“I wanted to say, ‘There’s nobody out there. We gotta walk away from this.’ But I couldn’t. He was a great player”: The guitarist who saved Thin Lizzy – and made their last album hit like a “sledgehammer”
Scott Gorham pays tribute to the player who breathed new life into the band

Scott Gorham has reflected on how the late John Sykes helped saved Thin Lizzy for one final studio album – and brought a little heavy metal guitar thunder to Thunder and Lightning.
In the early ’80s, Gorham recognized Thin Lizzy was a band in decline. After two bluesy albums with Snowy White – China Town (1980) and Renegade (1981) – and some unfavorable off-stage habits, the guitarist told vocalist Phil Lynott something needed to change.

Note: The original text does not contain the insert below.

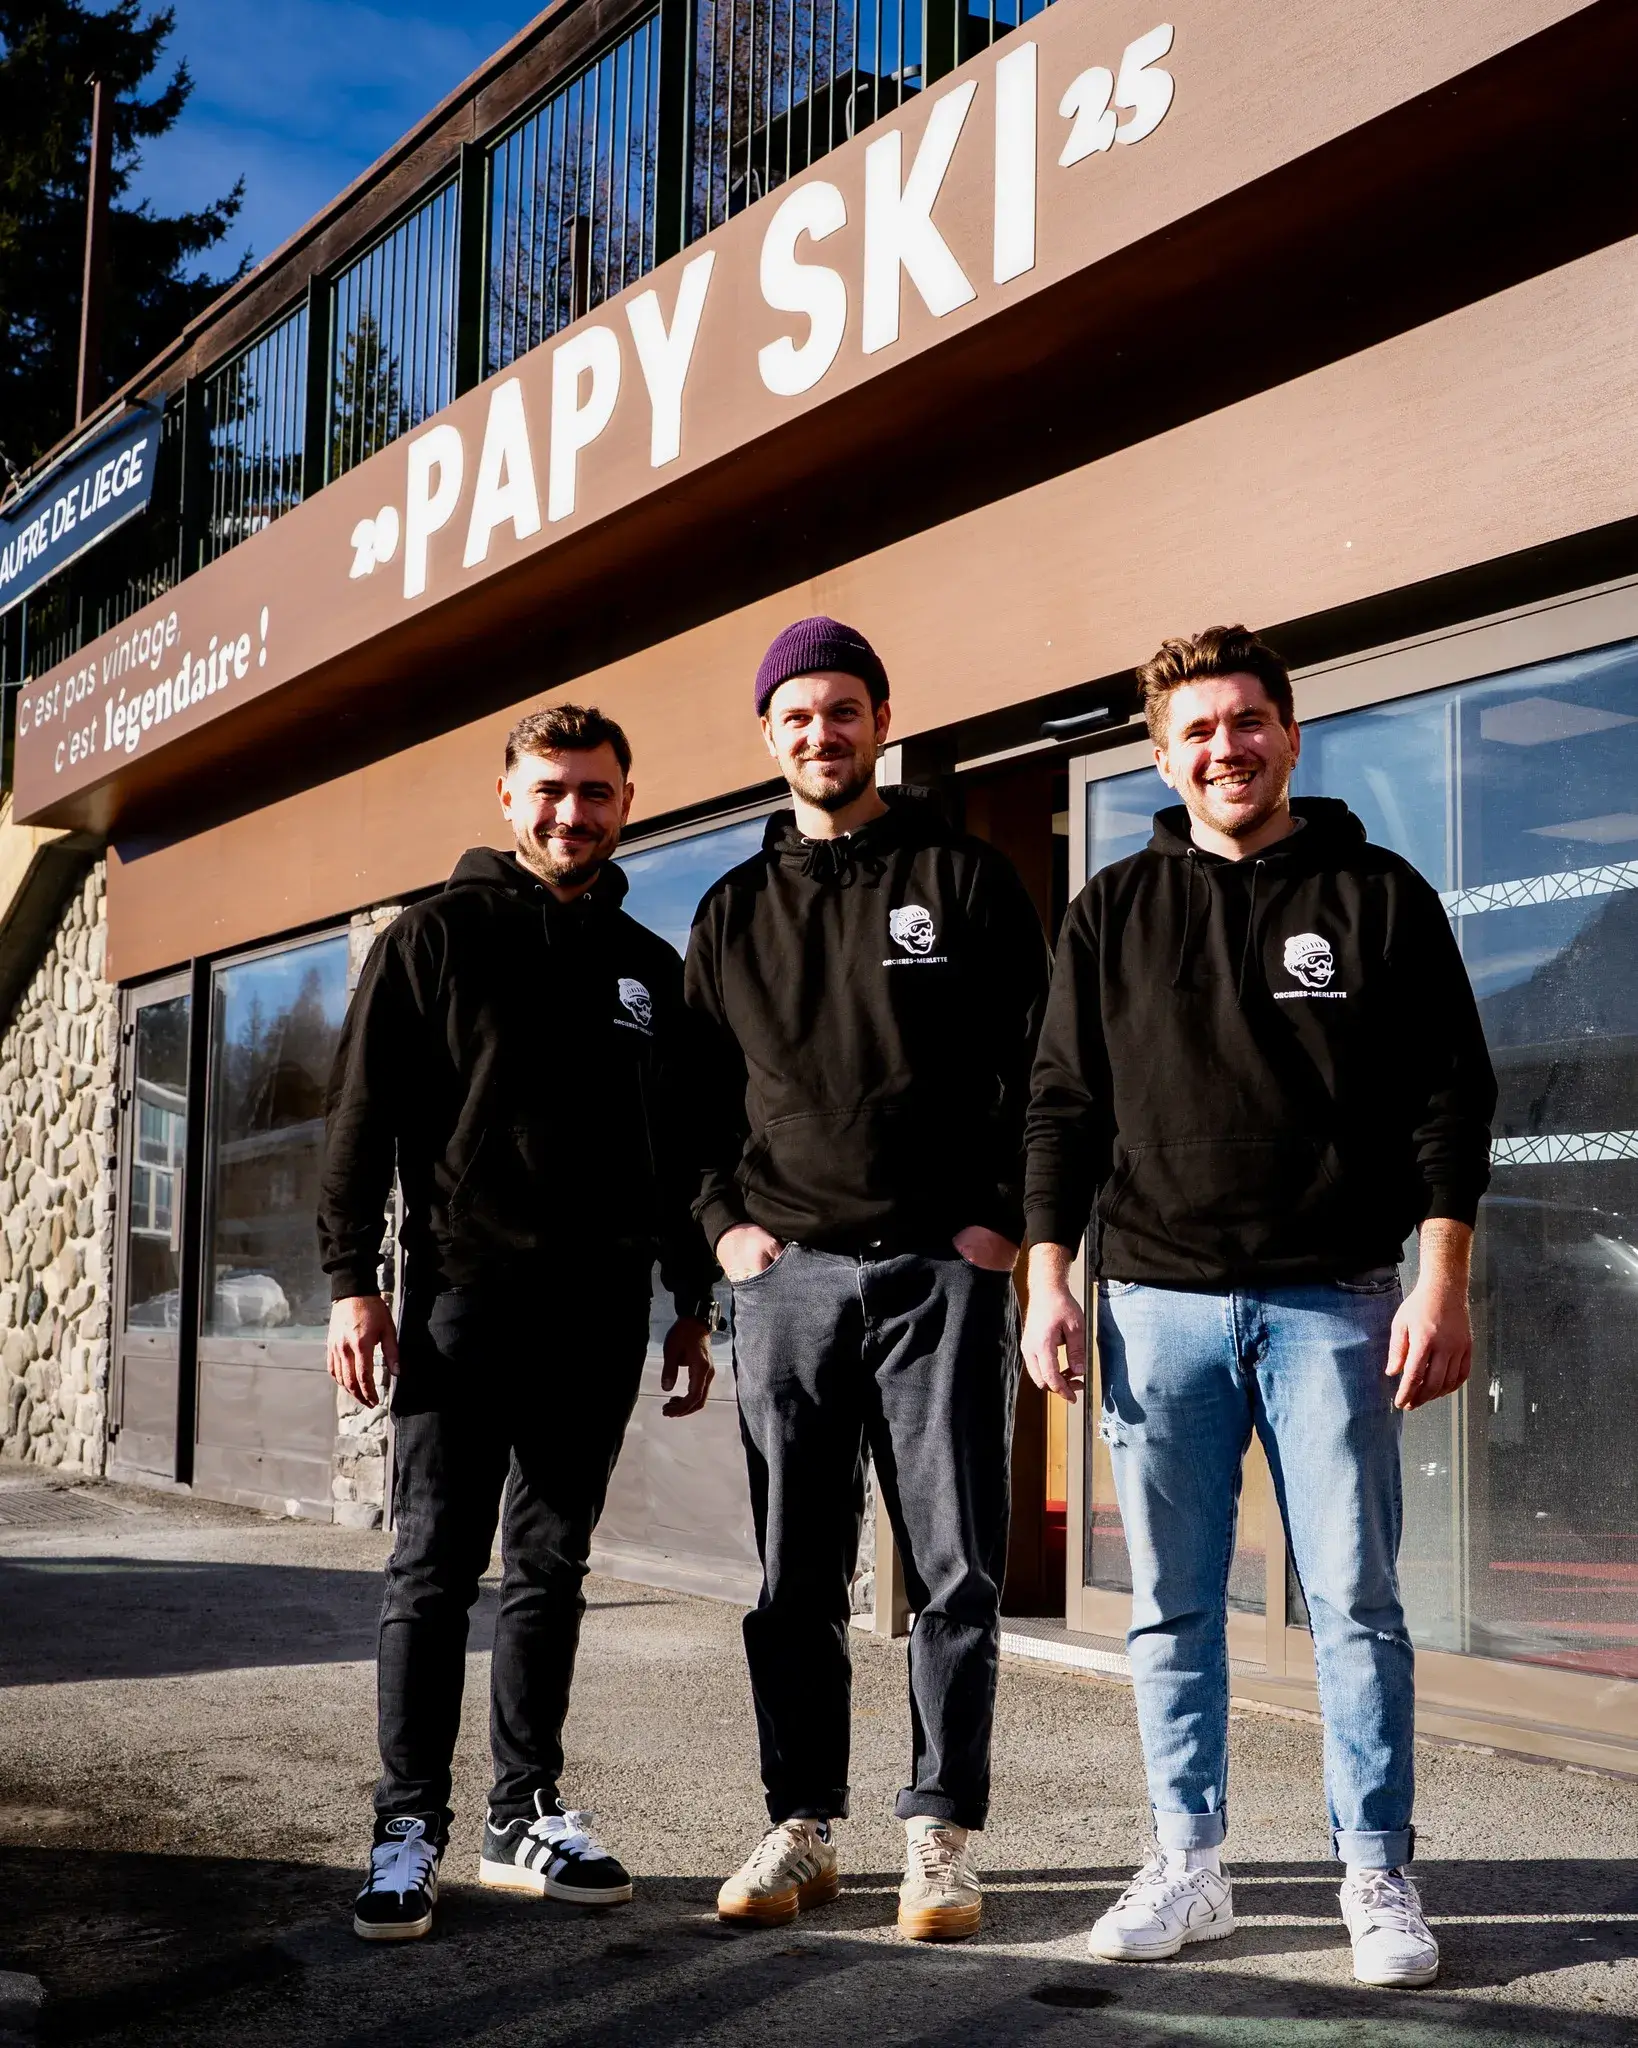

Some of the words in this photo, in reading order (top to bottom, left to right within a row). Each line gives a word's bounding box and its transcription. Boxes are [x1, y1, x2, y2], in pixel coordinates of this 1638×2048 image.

His plan was for them to go away, get their act together, get clean and come back revitalized to “hit everybody over the head with a fucking sledgehammer”. Lynott, though, had a different idea.
“Phil says, ‘Let’s do one more album and world tour. I know this kid, he’s really good,’” Gorham recalls in the new print issue of Guitarist.

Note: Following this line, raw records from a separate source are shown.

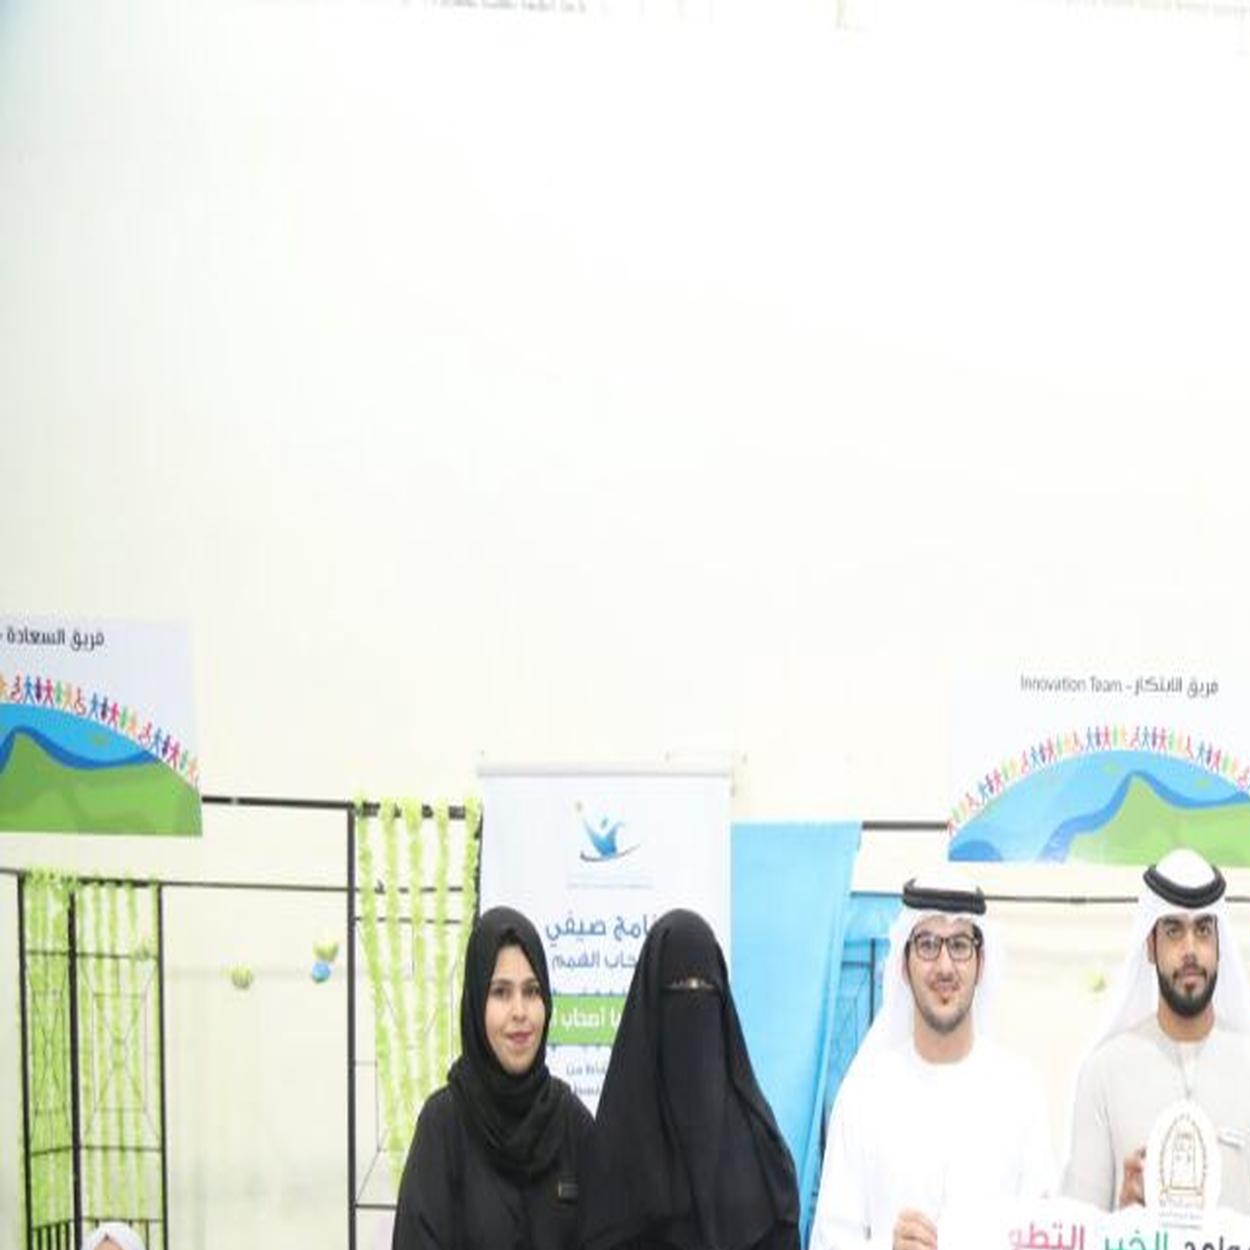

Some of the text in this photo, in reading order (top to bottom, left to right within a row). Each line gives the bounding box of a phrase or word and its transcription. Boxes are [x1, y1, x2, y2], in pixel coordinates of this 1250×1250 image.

[7, 625, 105, 651] فريق السعادة
[1020, 674, 1086, 693] Innovation
[1089, 674, 1123, 693] Team
[1187, 675, 1219, 699] فريق
[546, 909, 606, 948] صيفي
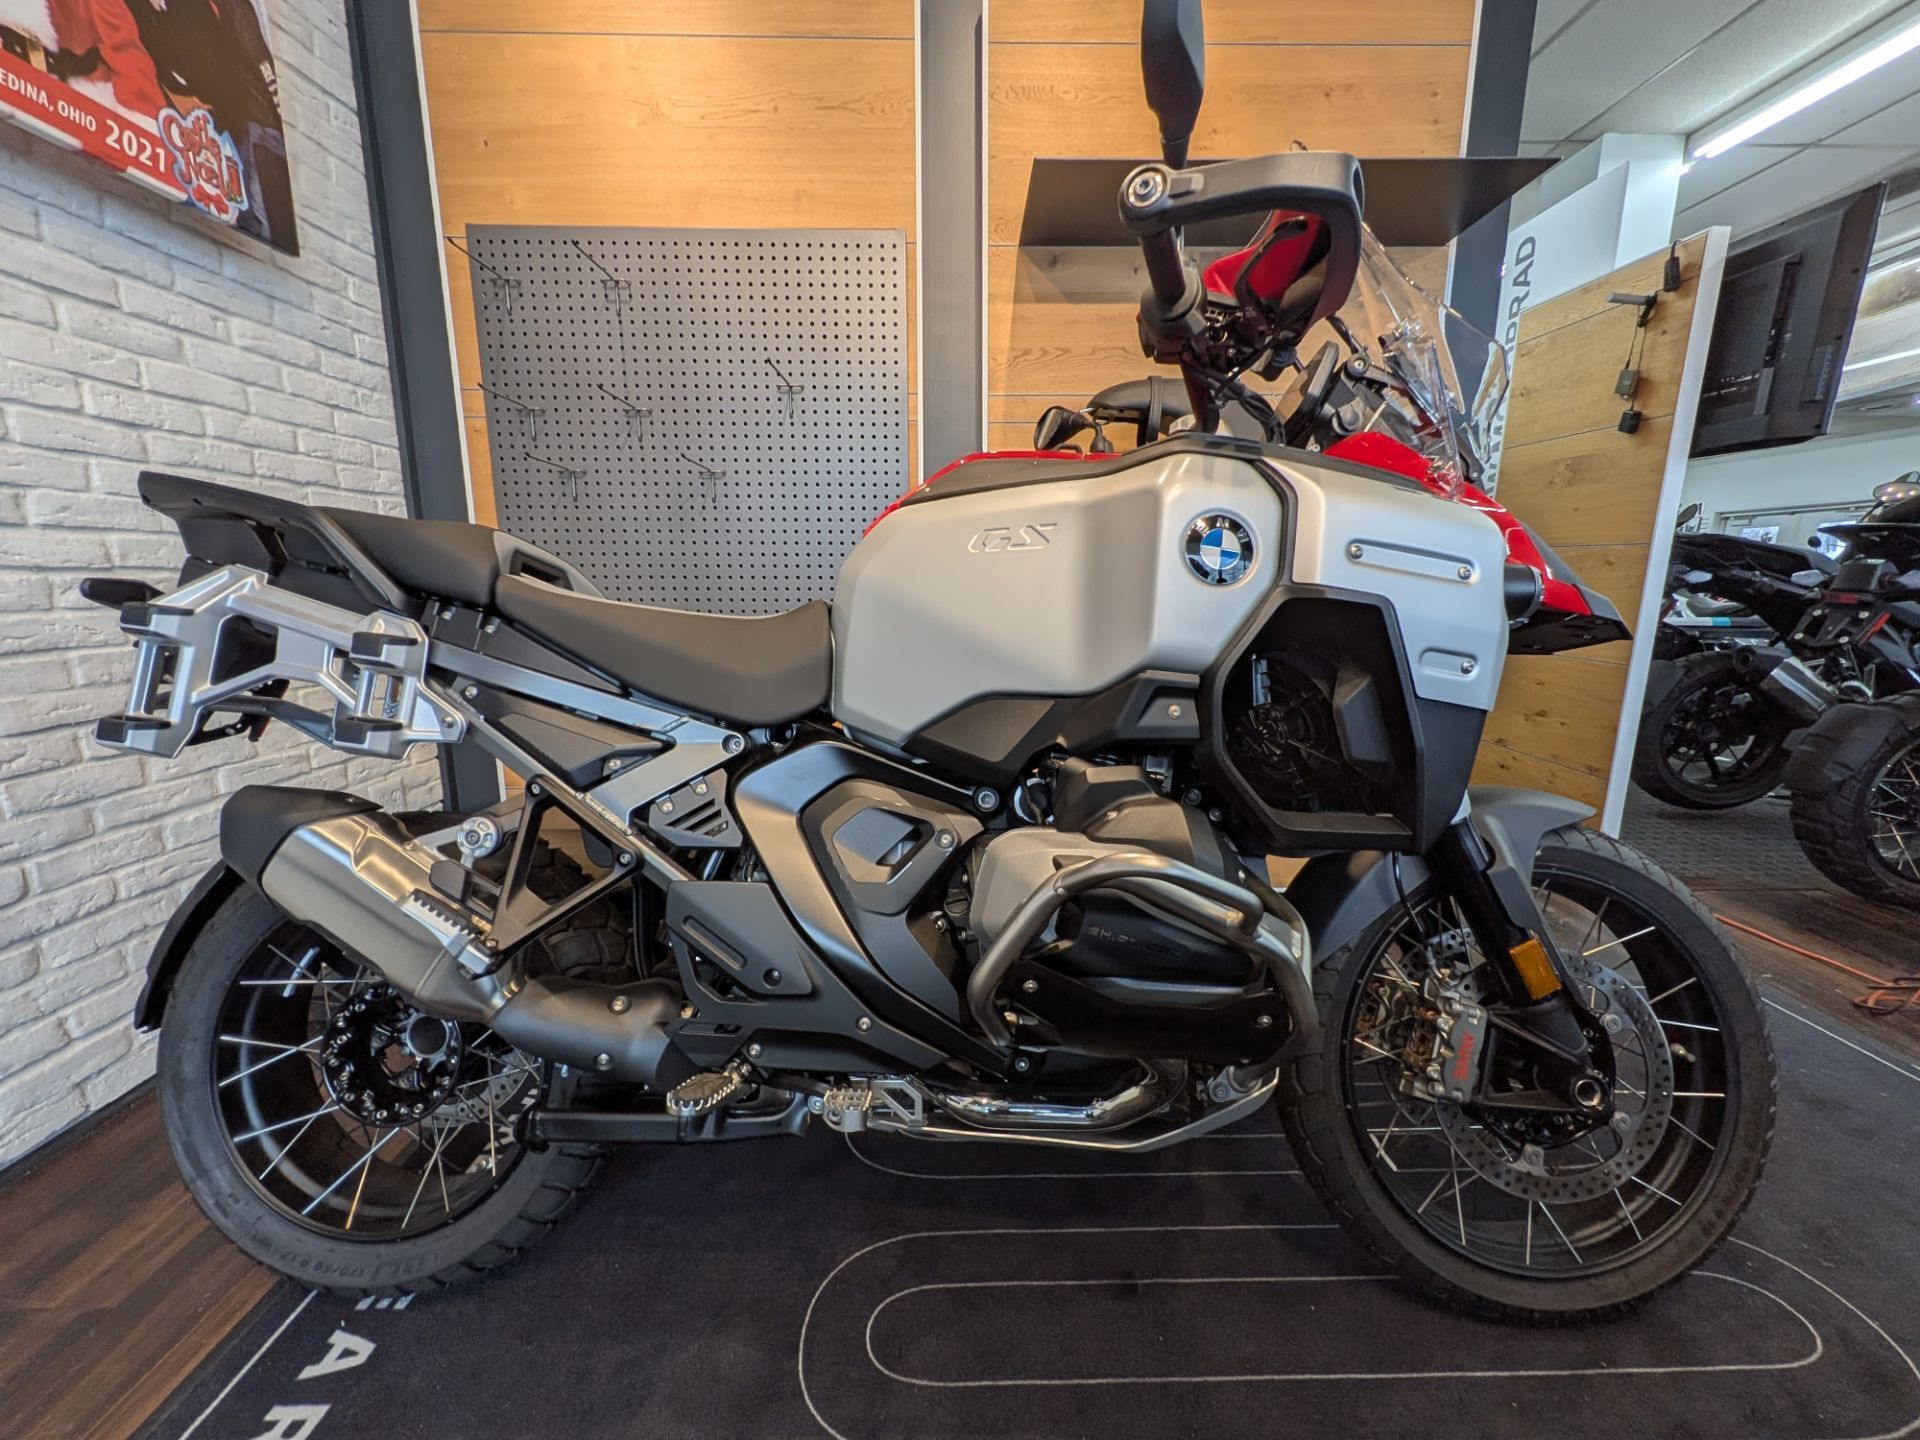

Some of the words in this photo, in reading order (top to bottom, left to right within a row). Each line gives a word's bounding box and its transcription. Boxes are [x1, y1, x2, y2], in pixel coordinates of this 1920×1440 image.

[58, 100, 97, 132] OHIO
[105, 119, 165, 173] 2021
[968, 522, 1058, 553] GS
[1194, 516, 1250, 543] BMW

The kid in question was John Sykes, who was making a name for himself in a new-look Tygers of Pan Tang. The two albums he’d featured on, Spellbound and Crazy Nights, were full of standout, shrieking shredding that put him firmly in Lynott’s crosshairs.

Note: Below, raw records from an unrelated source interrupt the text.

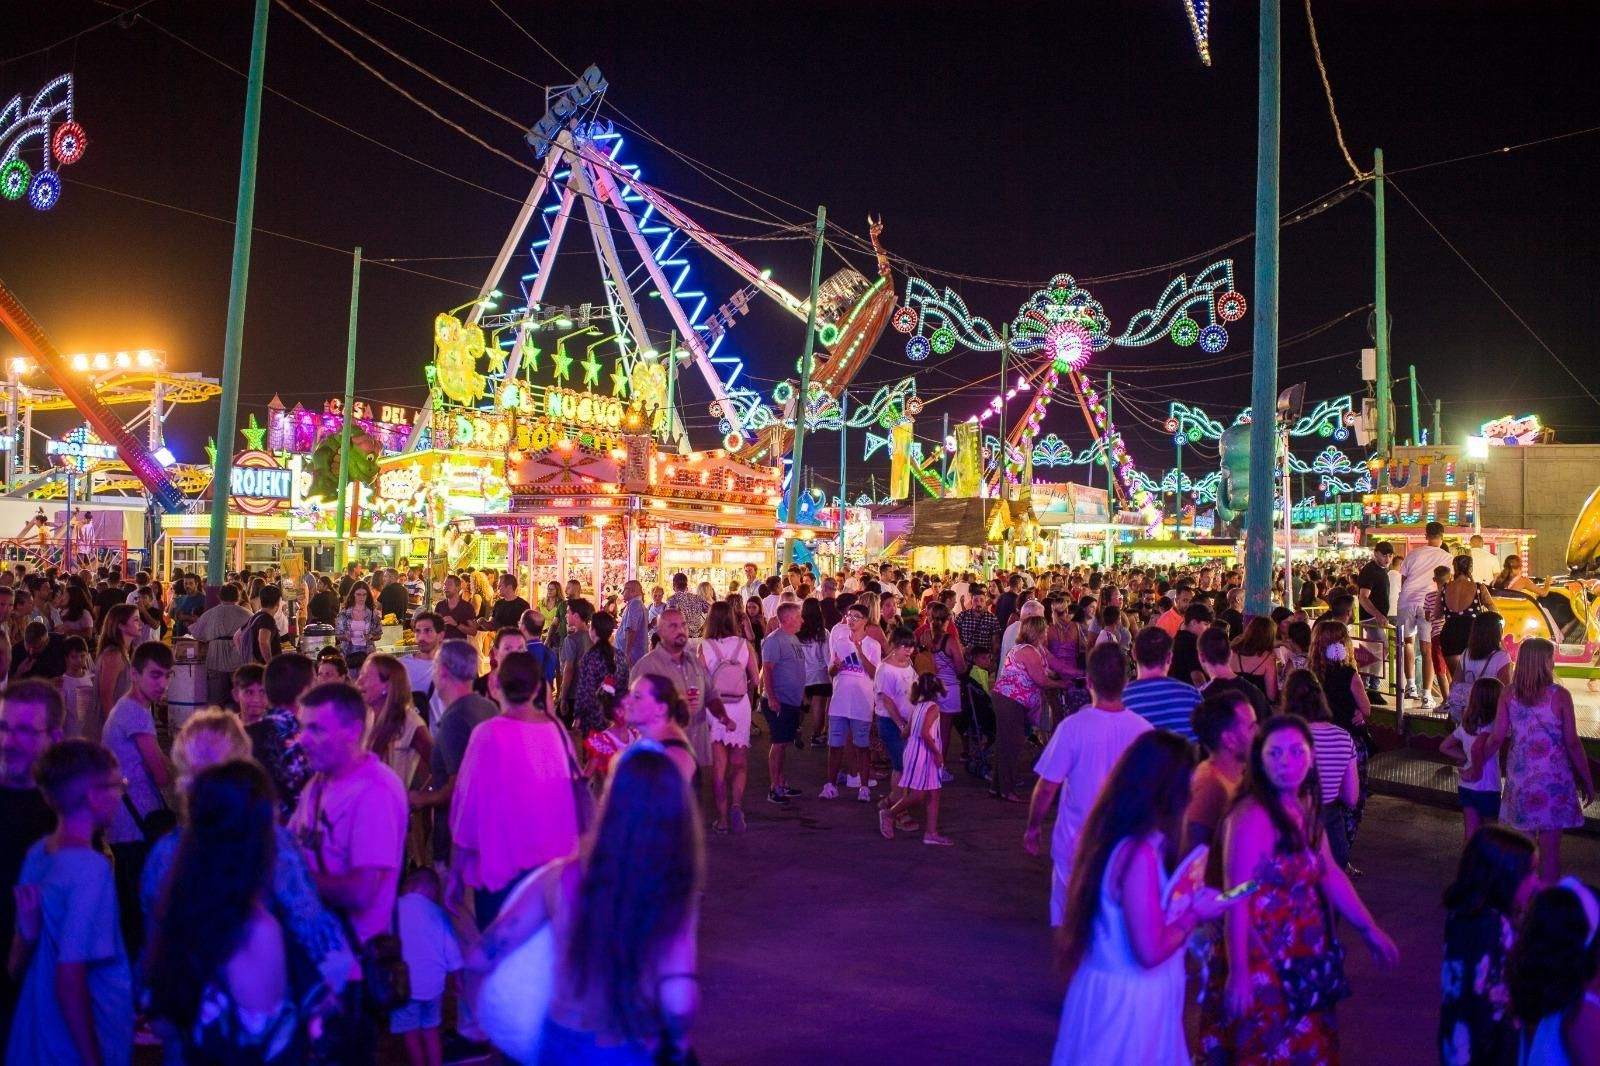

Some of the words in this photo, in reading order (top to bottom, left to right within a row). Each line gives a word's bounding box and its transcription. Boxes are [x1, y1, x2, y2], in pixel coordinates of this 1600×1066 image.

[330, 398, 374, 420] CSA
[382, 405, 407, 425] DEL
[549, 391, 622, 427] NUEVO
[231, 467, 291, 497] ROJEKT
[1362, 491, 1475, 525] FRUTTI

“So John Sykes comes down, and I couldn’t fault him in any way,” Gorham continues. “I really wanted to say, ‘See, there’s nobody out there, so we gotta walk away from this.’ But I couldn’t. He was a great player. He was a one-guitar guy: never, ever did I see him play anything but his black Les Paul. And he looked great on stage, too. So what was not to like?”
Thin Lizzy were a one-guitarist group before Gorham came in for the outgoing Eric Bell, forming a tandem with Brian Robertson after a less-than-ideal audition. The American guitarist was willing to return to that set up go it alone, but the fire and fury that Sykes could bring to the band were too good to turn down.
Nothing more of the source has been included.